Records excerpted from a collection:
----------

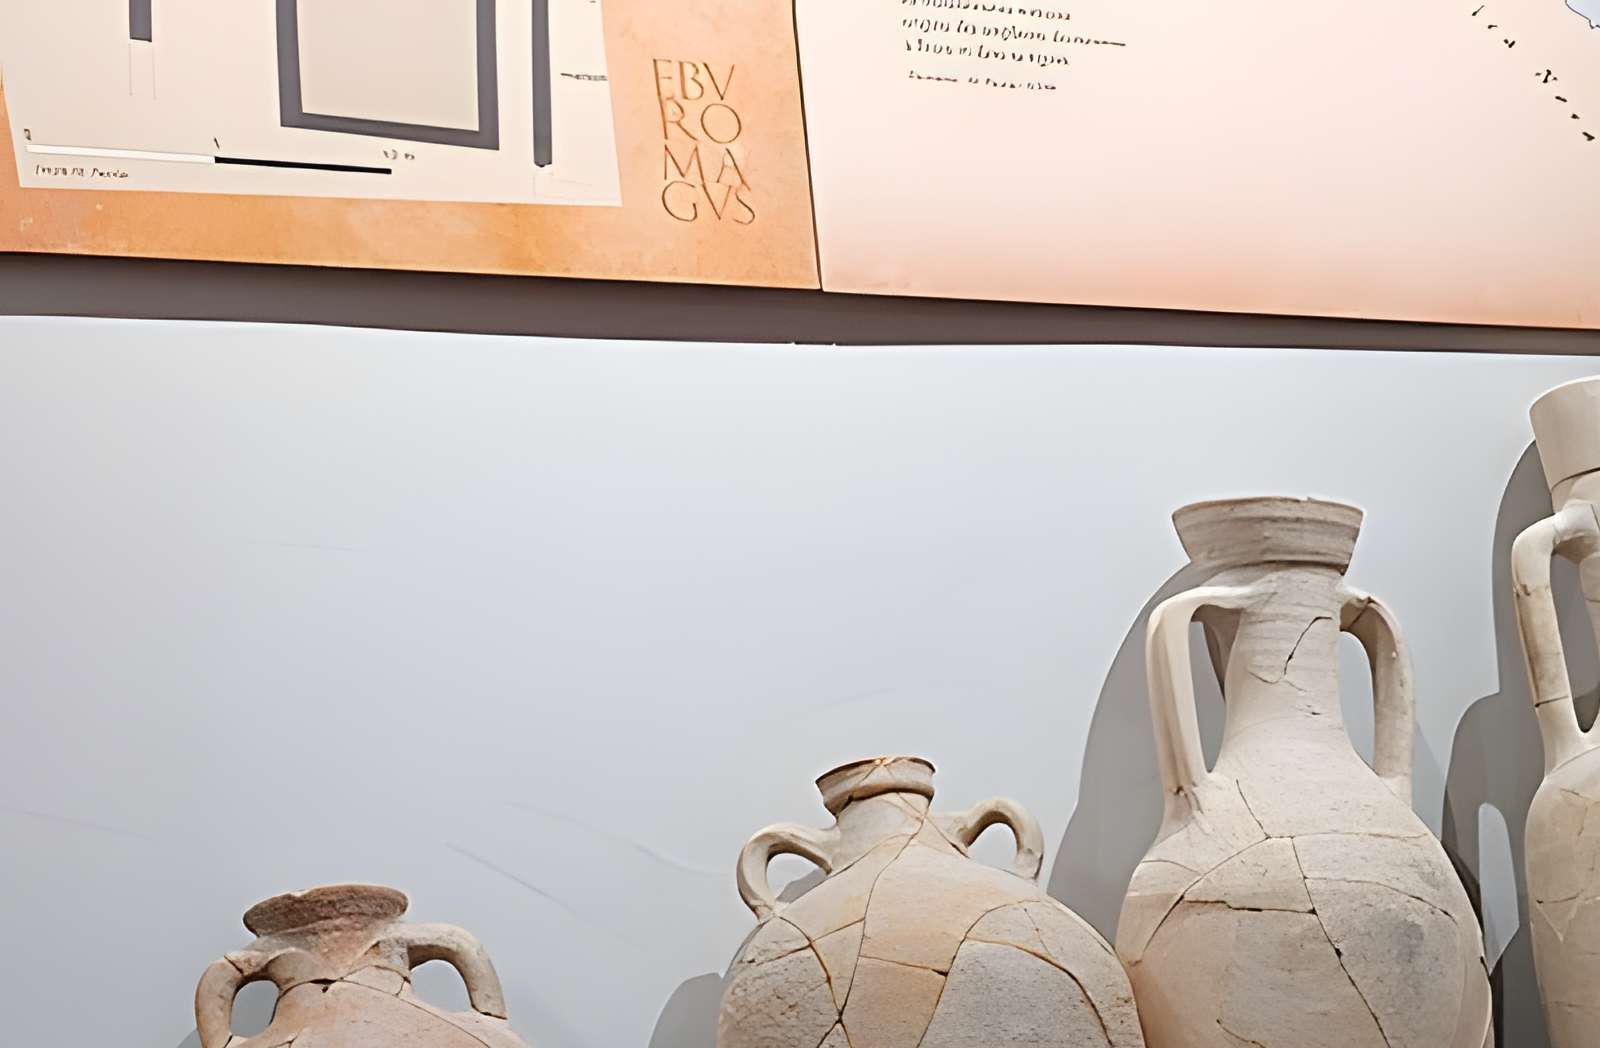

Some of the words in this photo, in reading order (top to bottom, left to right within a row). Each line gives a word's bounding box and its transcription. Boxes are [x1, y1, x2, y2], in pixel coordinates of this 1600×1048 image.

[652, 58, 735, 101] EBV
[658, 99, 742, 144] RO
[663, 143, 752, 192] MA
[661, 179, 756, 226] GVS

----------

Print every line above once more, exactly. Omit the pictures.

Some of the words in this photo, in reading order (top to bottom, left to right within a row). Each line gives a word's bounding box and its transcription. Boxes are [x1, y1, x2, y2], in pixel coordinates of this 1600×1048 image.

[652, 58, 735, 101] EBV
[658, 99, 742, 144] RO
[663, 143, 752, 192] MA
[661, 179, 756, 226] GVS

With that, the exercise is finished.